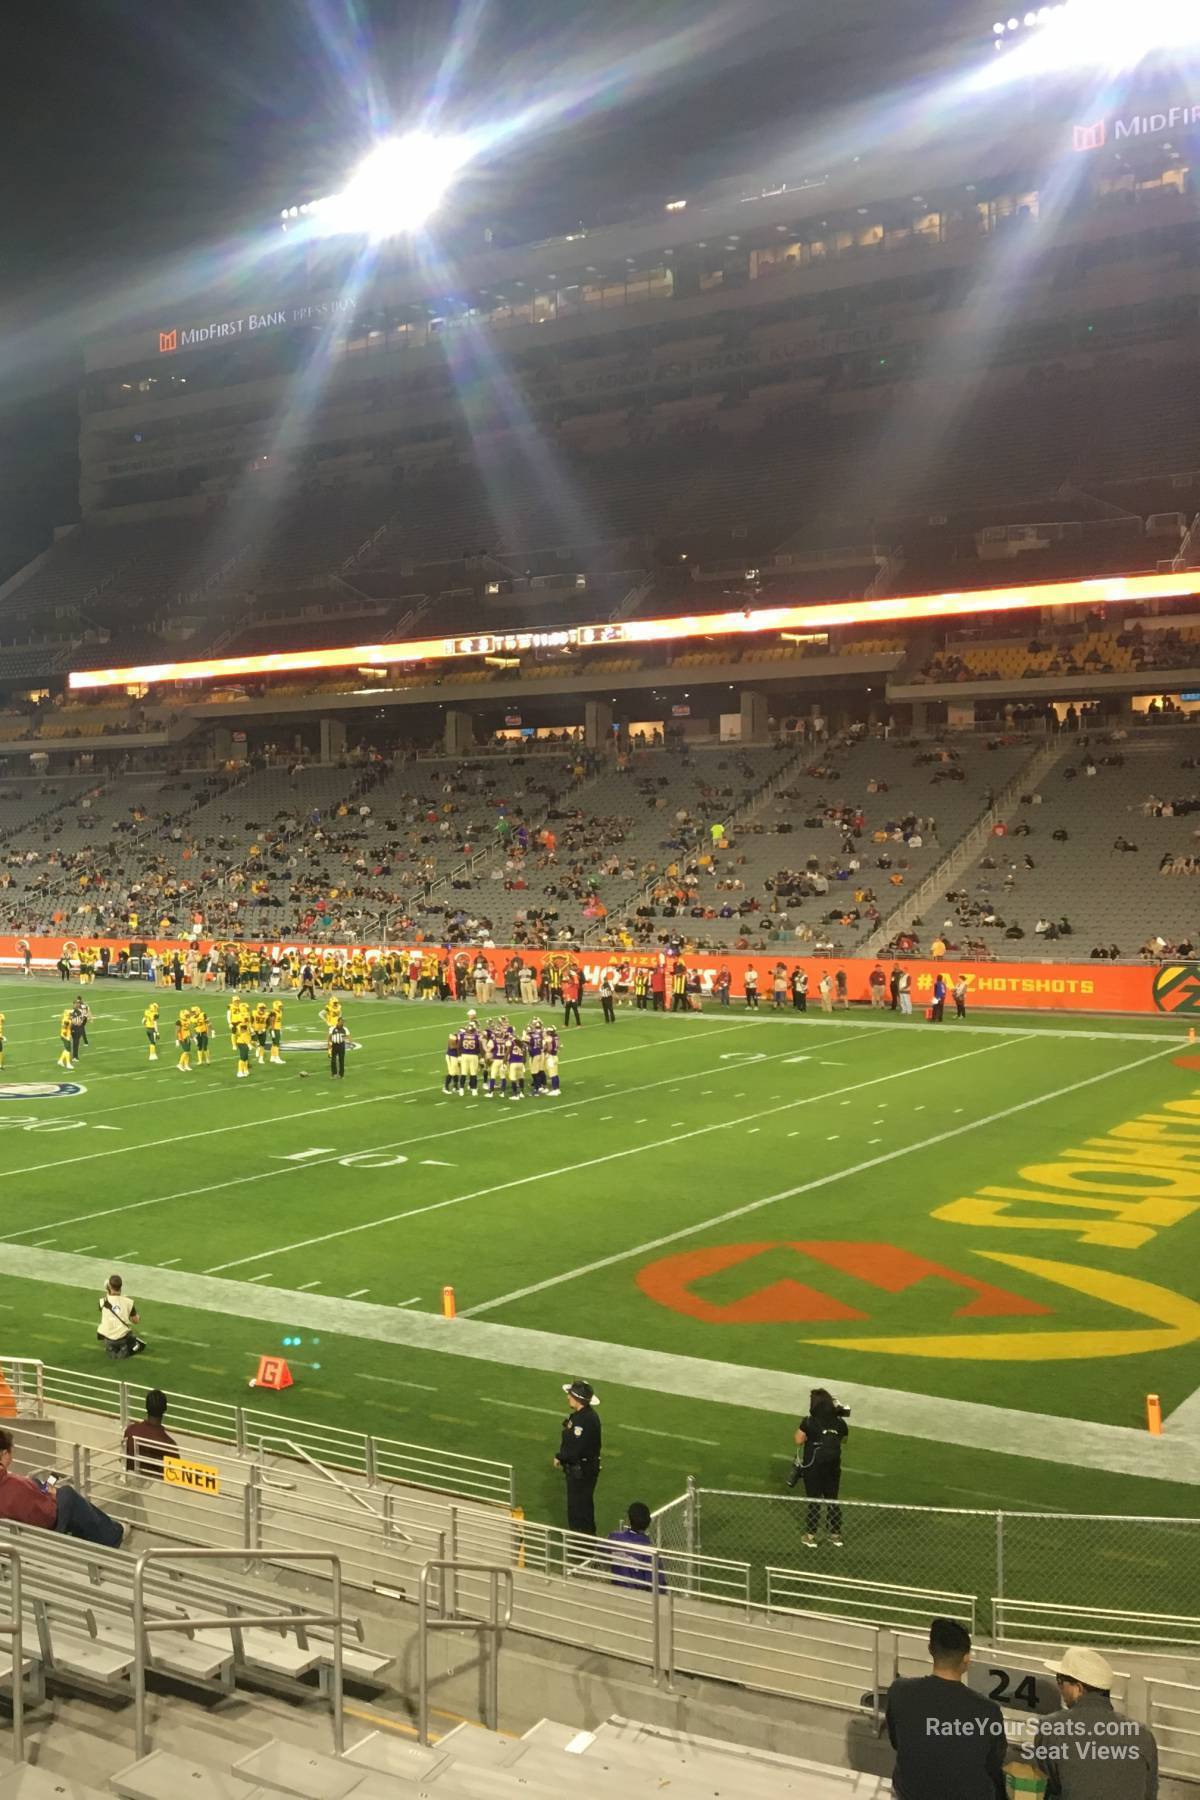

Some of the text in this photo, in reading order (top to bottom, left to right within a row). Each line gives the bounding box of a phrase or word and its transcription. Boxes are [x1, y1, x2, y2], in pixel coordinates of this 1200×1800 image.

[249, 310, 287, 331] BANK
[263, 1360, 282, 1384] G
[988, 1669, 1040, 1709] 24
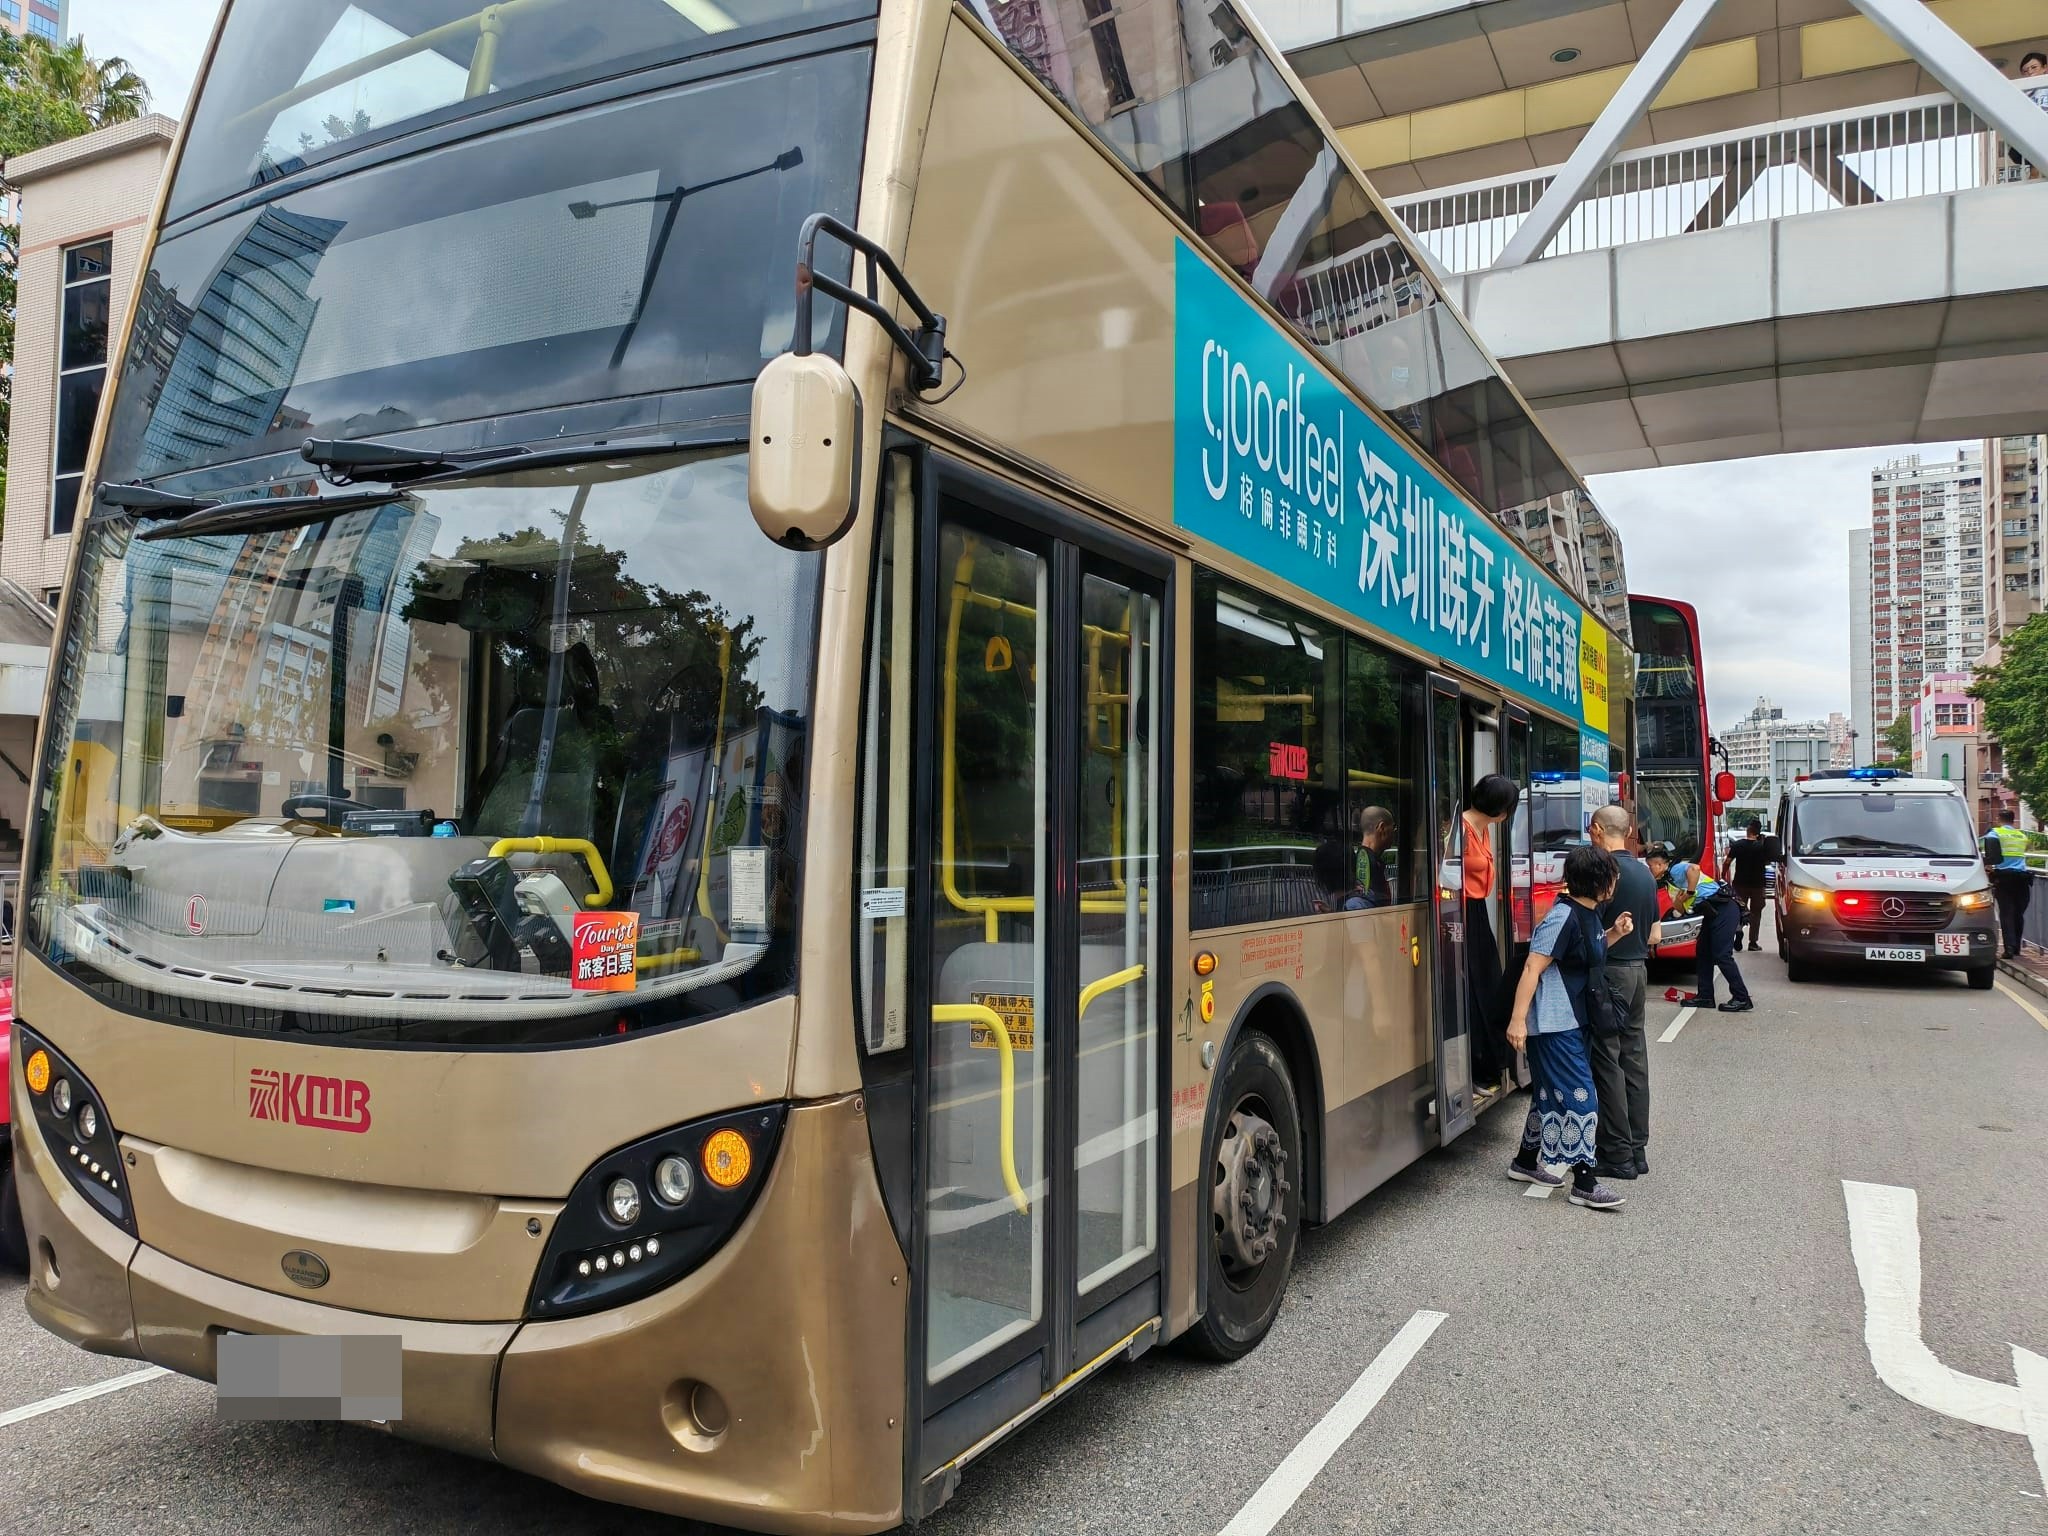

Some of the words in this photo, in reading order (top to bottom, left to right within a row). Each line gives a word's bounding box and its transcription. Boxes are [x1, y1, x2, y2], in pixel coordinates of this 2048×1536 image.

[1202, 339, 1344, 525] goodfeel
[1240, 472, 1337, 568] 格倫菲爾牙科
[1357, 439, 1495, 658] 深圳睇牙
[1502, 556, 1577, 704] 格倫菲爾
[1281, 743, 1308, 780] KMB
[1856, 870, 1924, 879] POLICE
[575, 921, 634, 950] Tourist
[601, 944, 615, 953] Day
[616, 942, 634, 951] Pass
[1937, 935, 1949, 945] EU
[1951, 935, 1966, 945] KE
[1943, 944, 1961, 954] 53
[578, 951, 633, 979] 旅客日票
[1869, 950, 1886, 959] AM
[1889, 950, 1922, 960] 6085
[282, 1072, 372, 1133] KMB

:::

## What you should do
Your answer should be the lines from the one containing "Some of the words" through the end of the records, both included, output exactly and with nothing added.

## Reply to the task
Some of the words in this photo, in reading order (top to bottom, left to right within a row). Each line gives a word's bounding box and its transcription. Boxes are [x1, y1, x2, y2], in pixel coordinates of this 2048×1536 image.

[1202, 339, 1344, 525] goodfeel
[1240, 472, 1337, 568] 格倫菲爾牙科
[1357, 439, 1495, 658] 深圳睇牙
[1502, 556, 1577, 704] 格倫菲爾
[1281, 743, 1308, 780] KMB
[1856, 870, 1924, 879] POLICE
[575, 921, 634, 950] Tourist
[601, 944, 615, 953] Day
[616, 942, 634, 951] Pass
[1937, 935, 1949, 945] EU
[1951, 935, 1966, 945] KE
[1943, 944, 1961, 954] 53
[578, 951, 633, 979] 旅客日票
[1869, 950, 1886, 959] AM
[1889, 950, 1922, 960] 6085
[282, 1072, 372, 1133] KMB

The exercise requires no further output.